** Record excerpts follows **

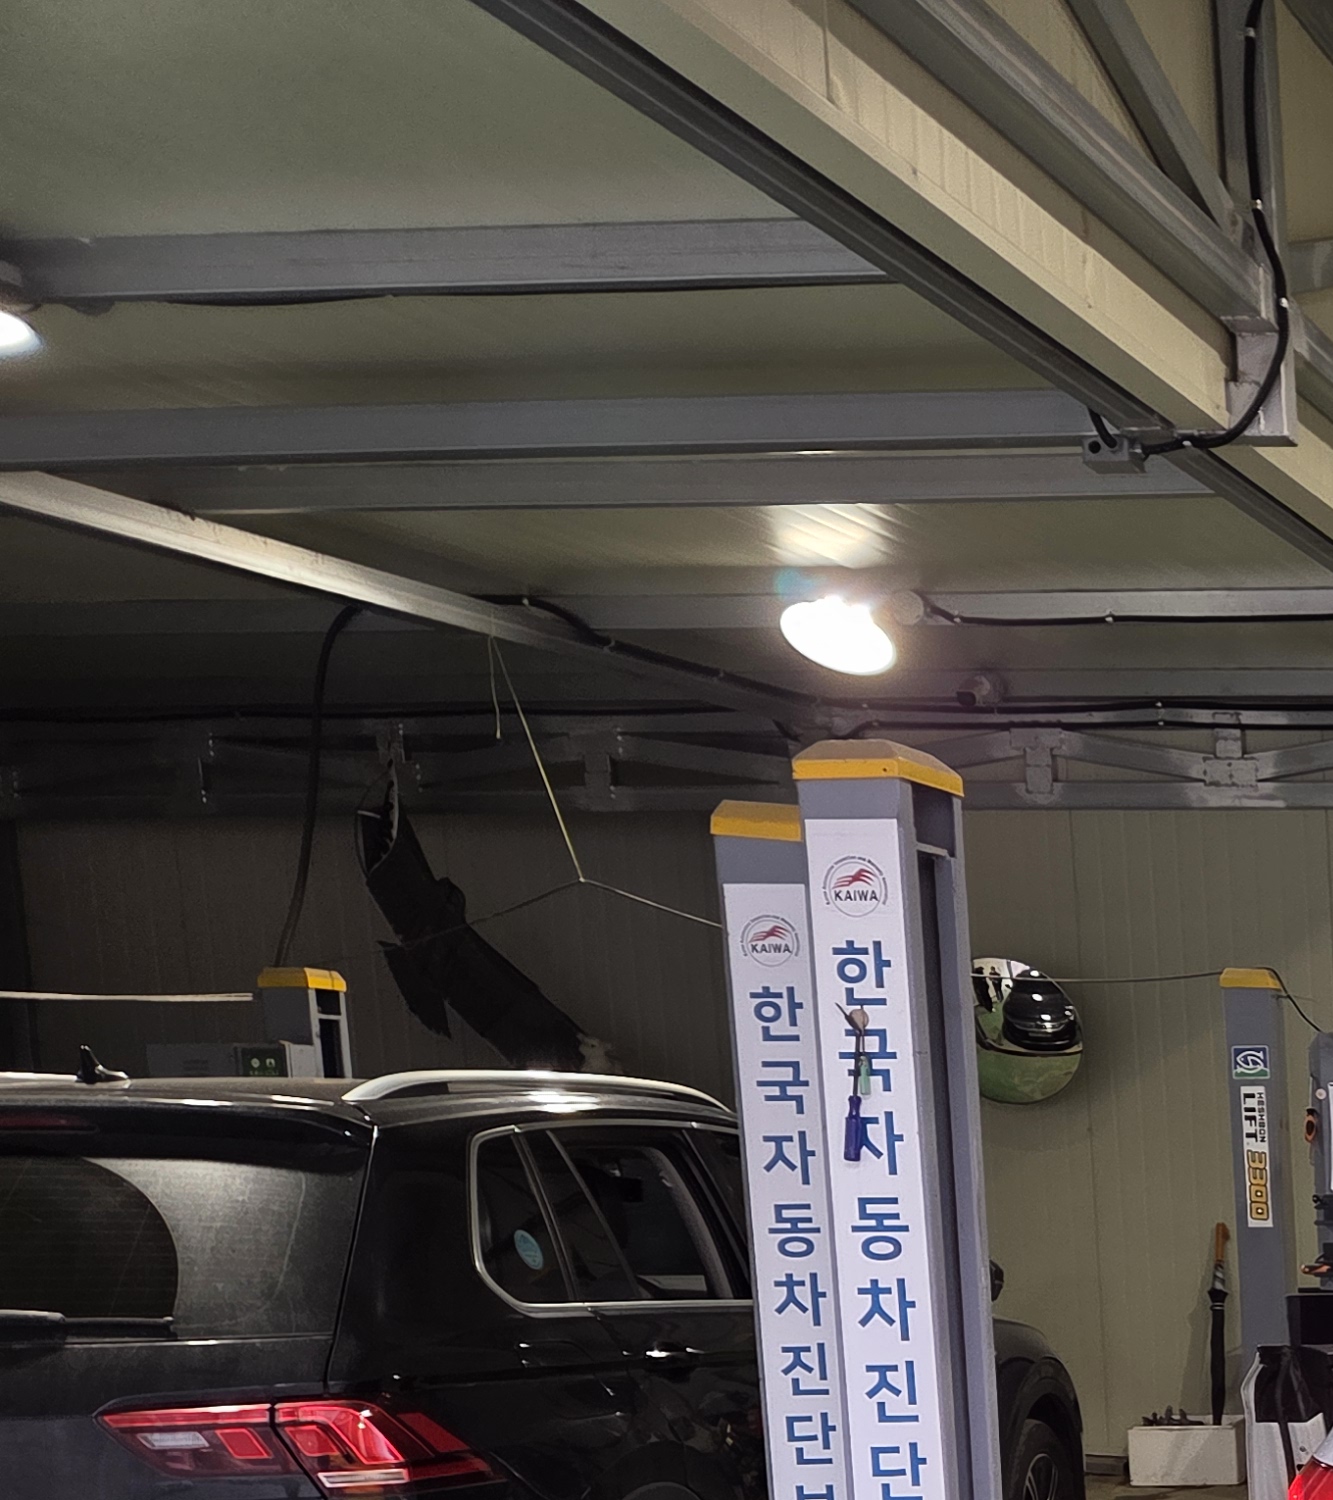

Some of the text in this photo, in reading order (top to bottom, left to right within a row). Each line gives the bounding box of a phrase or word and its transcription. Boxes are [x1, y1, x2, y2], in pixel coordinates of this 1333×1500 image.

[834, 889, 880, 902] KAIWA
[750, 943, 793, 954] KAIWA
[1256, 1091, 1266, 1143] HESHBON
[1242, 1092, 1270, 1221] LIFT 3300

** End of Record excerpts **

Would you write out each entry word for word and omit the images?

Some of the text in this photo, in reading order (top to bottom, left to right within a row). Each line gives the bounding box of a phrase or word and its transcription. Boxes are [x1, y1, x2, y2], in pixel coordinates of this 1333×1500 image.

[834, 889, 880, 902] KAIWA
[750, 943, 793, 954] KAIWA
[1256, 1091, 1266, 1143] HESHBON
[1242, 1092, 1270, 1221] LIFT 3300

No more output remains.